Lignin content in alfalfa stems affects the quality of alfalfa as a forage crop and biomass feedstock. Lignin is indigestible and reduces cell wall digestibility in ruminants [58–60]. In addition, the pre-treatment process to remove lignin is one the most costly steps of cellulosic ethanol production [61–64]. Over multiple environments, alfalfa genotype 773 consistently showed higher cell wall lignin content in stems compared to genotype 708 (Figure 1) suggesting differences in the genetics of lignin biosynthesis. In an effort to identify key genes responsible for differences in cell wall properties in stems of genotypes 708 and 773, we identified lignin (phenylpropanoid) pathway genes among the 13,797 genes detected (Additional file 21). Next, we generated a heatmap of gene expression ratios for each selected lignin pathway gene for each pair-wise comparison (see Methods for details). The heatmaps generated were inserted into the lignin biosynthetic pathway (Figure 6).

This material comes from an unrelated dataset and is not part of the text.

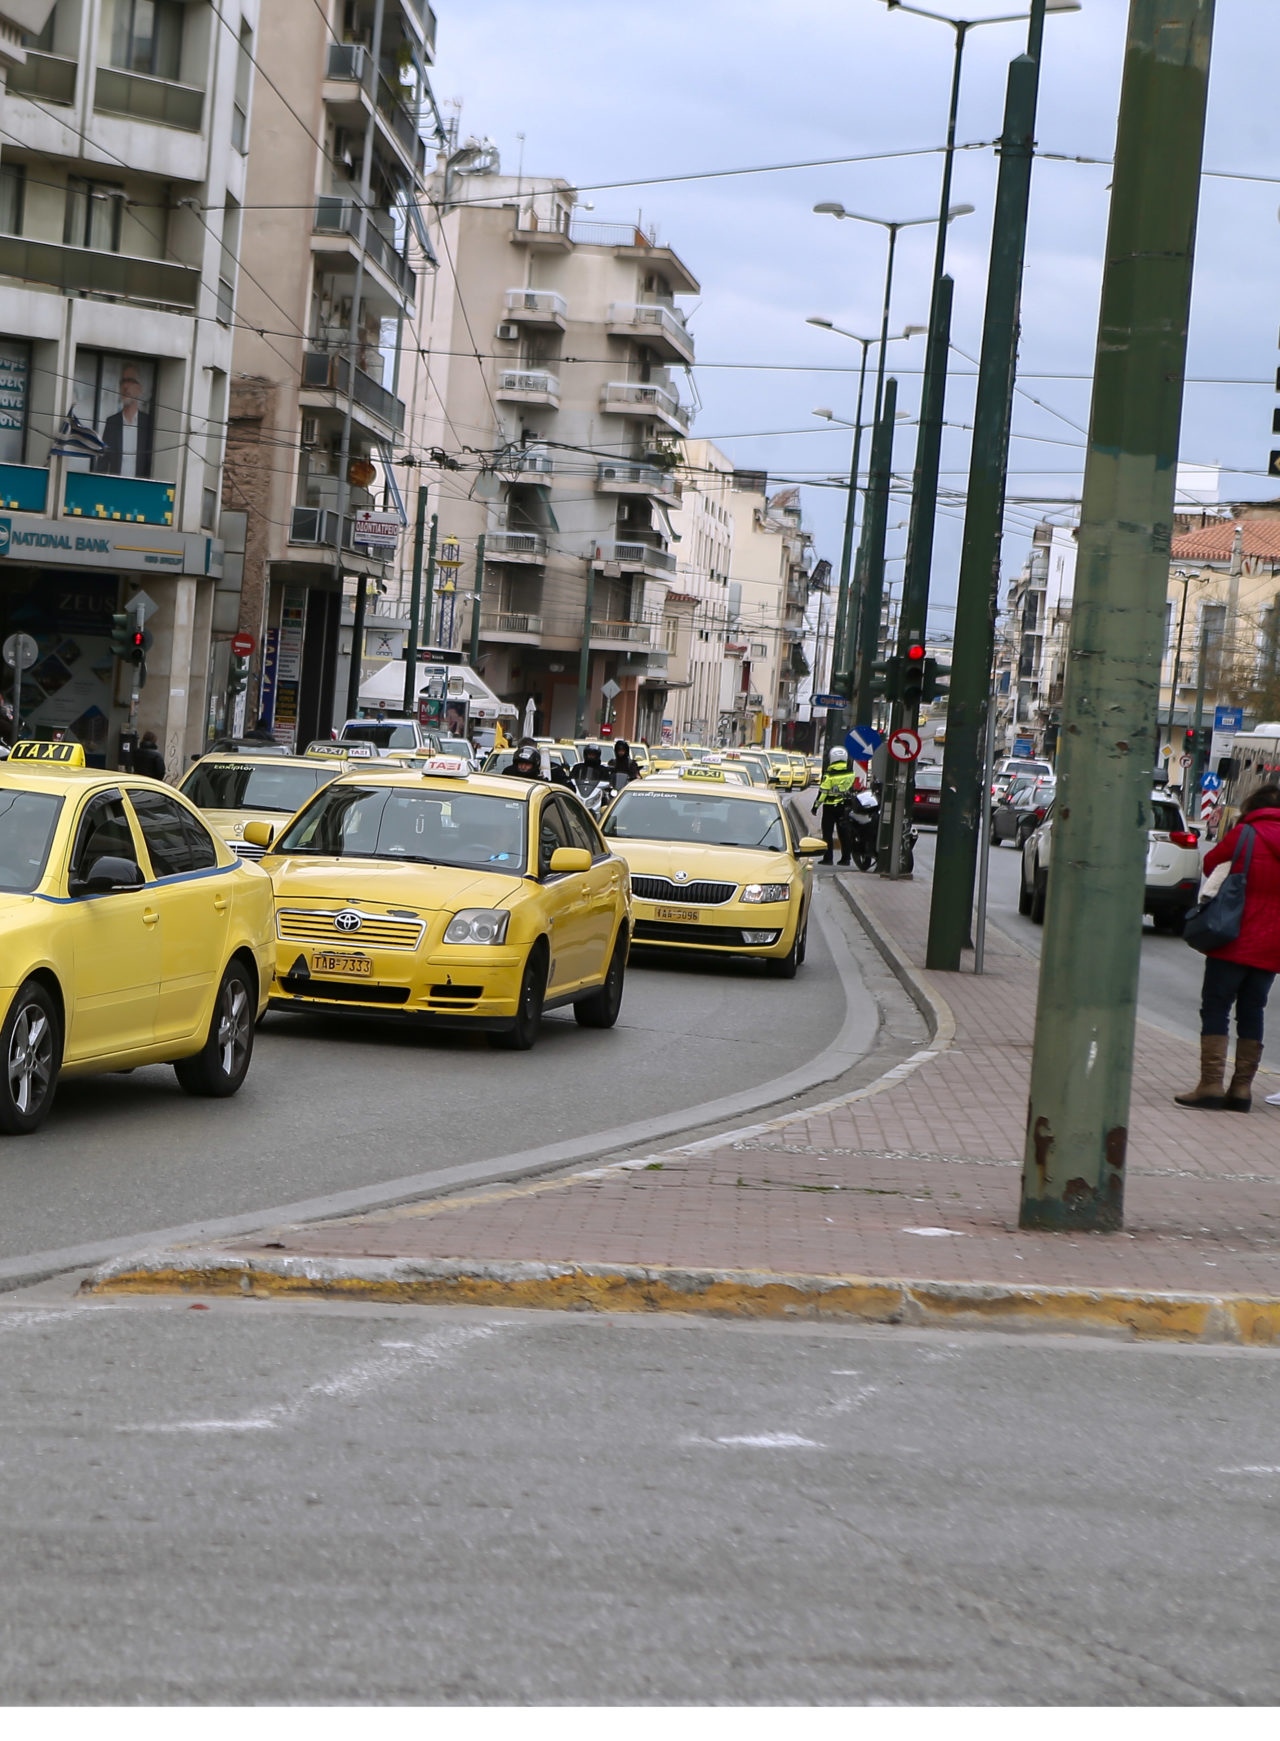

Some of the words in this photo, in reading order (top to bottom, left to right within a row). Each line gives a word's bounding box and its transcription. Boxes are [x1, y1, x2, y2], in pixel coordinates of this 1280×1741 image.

As expected, numerous lignin pathway genes were up-regulated in PES compared to ES internodes (Figure 6, Additional file 21). We also identified lignin genes differentially expressed between the two alfalfa genotypes. For example, several CAD and COMT genes were up-regulated in 773 compared to 708 especially in ES internodes (Figure 6, Additional file 21). These genes may contribute to difference in lignin content in cell walls of stems of genotypes 708 and 773.

Figure 6
figure 6

Lignin pathway genes differentially expressed in stem tissues of two alfalfa genotypes. Pair-wise comparisons were made between stem tissues (ES, PES) of genotypes 708 and 773. Columns in each heatmap from left to right: Log2(708ES/773ES), Log2(708PES/773PES), Log2(708PES/708ES), and Log2(773PES/773ES). The rows in each heatmap represent lignin gene sequences identified in MSGI 1.0. The Log2 expression ratio values were false color-coded using a scale of -3 to 3. The intensity of blue and red indicates the degree of up- and down-regulation of the corresponding lignin gene in the denominator in each column mentioned above. The red and blue color saturates at -3 and 3, respectively. See Methods for details. The heatmaps generated were inserted next to the corresponding lignin gene in the lignin biosynthetic pathway diagram downloaded from the KEGG pathway database http://www.genome.jp/kegg/pathway/map/map00940.html. PAL, phenylalanine ammonia-lyase; C4H, cinnamate-4-hydroxylase; 4CL, 4-coumarate-CoA ligase; HCT, hydroxycinnamoyltransferase; C3H, p-coumarate 3-hydroxylase; CCoAOMT, caffeoyl-CoA 3-O-methyltransferase; CCR1, cinnamoyl-CoA reductase 1; F5H, ferulate 5-hydroxylase; COMT, caffeic acid O-methyltransferase; CAD, cinnamyl-alcohol dehydrogenase.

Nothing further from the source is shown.